Playa Vista Central Park is a 3.6-hectare public park built on the historic site of Howard Hughes’ Los Angeles private airfield, where the famous wood and fabric airplane, the Spruce Goose, was built. But this park holds a structure that impresses as much as the Hughes airplane, and even looks like it might take flight.
The Playa Vista bandshell is an outdoor amphitheater that serves as the centerpiece of the park designed by Michael Maltzan Architecture (MMA), a key part of a major mixed-use development of a live/work community in this west Los Angeles neighborhood wedged between Santa Monica and Marina del Ray.
The design of this dramatically shaped stage is the outgrowth of a tight collaboration between MMA and structural engineers Arup.
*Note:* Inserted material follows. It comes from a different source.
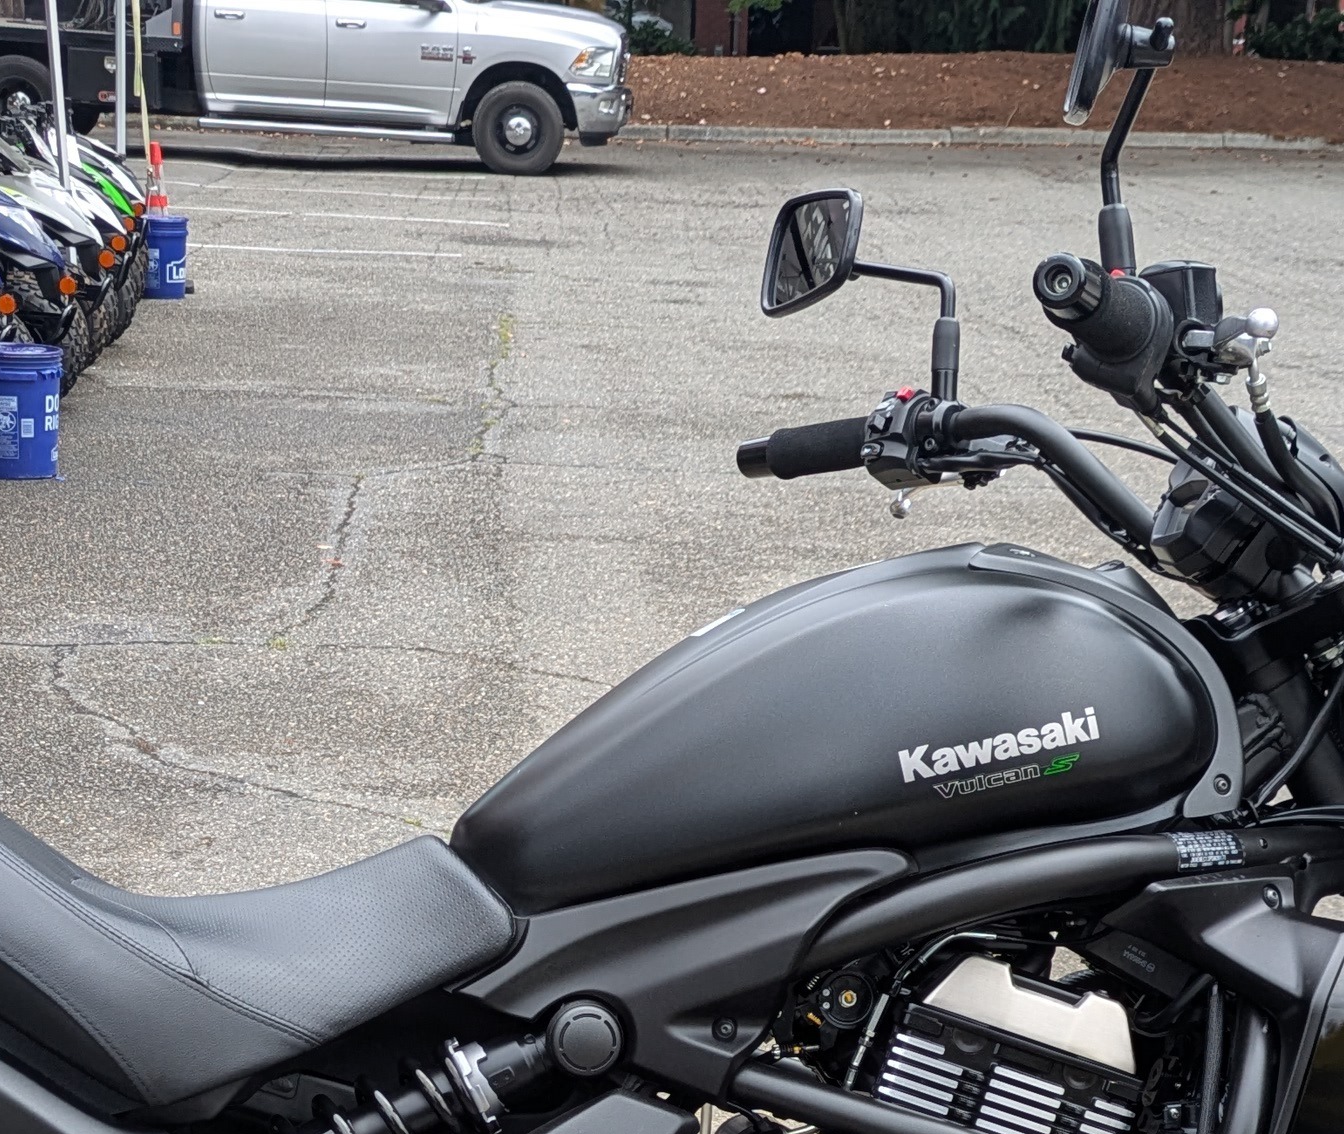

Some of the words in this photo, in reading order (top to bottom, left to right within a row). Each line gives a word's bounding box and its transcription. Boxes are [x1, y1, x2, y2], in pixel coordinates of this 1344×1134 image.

[898, 706, 1100, 784] Kawasaki
[933, 763, 1041, 799] Vulcan
[1043, 751, 1081, 776] S
Several structural forms were explored during the schematic design phase and the resulting final form is a masterpiece of structural elegance and architectural formmaking.
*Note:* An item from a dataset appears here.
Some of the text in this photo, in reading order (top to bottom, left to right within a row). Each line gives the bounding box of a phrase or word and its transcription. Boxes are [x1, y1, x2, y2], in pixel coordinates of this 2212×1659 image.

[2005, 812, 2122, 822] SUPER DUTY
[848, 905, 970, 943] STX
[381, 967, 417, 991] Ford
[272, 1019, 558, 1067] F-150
Two primary structural rings are supported by a latticework of irregular-appearing meridian steel pipe members that give the appearance, when wrapped in taut fabric, of a zany paper lantern. A 7m-diameter top ring supports an internal gutter ring clad in a sloped fabric skin and also supports the lighting fixtures. The 15m-diameter bottom ring is inclined and supported at four points: two hand like elements at the circular stage and two feet like supports below the stage level at the back. Beneath the stage are restrooms, storage and utilities for the venue’s various events.
The “lantern” cantilevers 15m above the concrete stage with a 3m backspan between the four points where the structure connects to the ground. According to Arup’s lead structural designer, Bruce Danziger, “The hand elements are sculptural forms that transform the [steel] pipe round sections into more rectangular shapes to connect to the reinforced concrete structure [that supports the fabric structure].” The stage’s reinforced concrete slab varies in thickness, creating smooth ceiling curves that cantilever over the basement spaces.
Tension structure fabricator FabriTec Structures designed and installed the PTFE-coated fiberglass fabric. The complexity of the design posed construction challenges. “Tensioning each panel into place to minimize any wrinkles was complicated,” says FabriTec principal Claude Centner. Despite precise shop assembly of the many curved pipe steel elements, tolerances with the glass fabric skin required the use of a 3D survey technique that measured precise workpoint locations on the steel framing, pre-assembled at the shop, disassembled for transport and reassembled on site.
Although the steel portion of the structure weighs 55 metric tons, with the collaboration between architect, structural engineer and fabricator, the Playa Vista park bandshell, says the architect, “floats lightly above the landscape, its glowing form visible throughout the park at night.”